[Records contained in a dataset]
==================================================

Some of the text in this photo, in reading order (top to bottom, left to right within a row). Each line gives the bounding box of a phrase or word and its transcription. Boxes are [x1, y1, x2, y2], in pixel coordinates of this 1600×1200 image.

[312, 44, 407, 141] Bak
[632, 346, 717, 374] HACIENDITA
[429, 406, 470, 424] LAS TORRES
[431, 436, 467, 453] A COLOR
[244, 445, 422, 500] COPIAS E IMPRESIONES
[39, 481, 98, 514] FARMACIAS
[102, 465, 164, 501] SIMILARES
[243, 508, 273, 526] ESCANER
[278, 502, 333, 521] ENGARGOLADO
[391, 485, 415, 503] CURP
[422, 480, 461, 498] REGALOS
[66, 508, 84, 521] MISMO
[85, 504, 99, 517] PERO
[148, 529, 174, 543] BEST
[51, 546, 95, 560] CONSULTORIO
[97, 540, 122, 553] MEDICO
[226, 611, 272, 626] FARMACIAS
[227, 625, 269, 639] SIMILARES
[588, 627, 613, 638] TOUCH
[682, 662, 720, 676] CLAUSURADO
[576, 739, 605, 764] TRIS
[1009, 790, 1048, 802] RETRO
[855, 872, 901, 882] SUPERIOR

==================================================

**WHAT IS EXPECTED**
Line by line, restate the data exactly.

**WRITTEN RESPONSE**
Some of the text in this photo, in reading order (top to bottom, left to right within a row). Each line gives the bounding box of a phrase or word and its transcription. Boxes are [x1, y1, x2, y2], in pixel coordinates of this 1600×1200 image.

[312, 44, 407, 141] Bak
[632, 346, 717, 374] HACIENDITA
[429, 406, 470, 424] LAS TORRES
[431, 436, 467, 453] A COLOR
[244, 445, 422, 500] COPIAS E IMPRESIONES
[39, 481, 98, 514] FARMACIAS
[102, 465, 164, 501] SIMILARES
[243, 508, 273, 526] ESCANER
[278, 502, 333, 521] ENGARGOLADO
[391, 485, 415, 503] CURP
[422, 480, 461, 498] REGALOS
[66, 508, 84, 521] MISMO
[85, 504, 99, 517] PERO
[148, 529, 174, 543] BEST
[51, 546, 95, 560] CONSULTORIO
[97, 540, 122, 553] MEDICO
[226, 611, 272, 626] FARMACIAS
[227, 625, 269, 639] SIMILARES
[588, 627, 613, 638] TOUCH
[682, 662, 720, 676] CLAUSURADO
[576, 739, 605, 764] TRIS
[1009, 790, 1048, 802] RETRO
[855, 872, 901, 882] SUPERIOR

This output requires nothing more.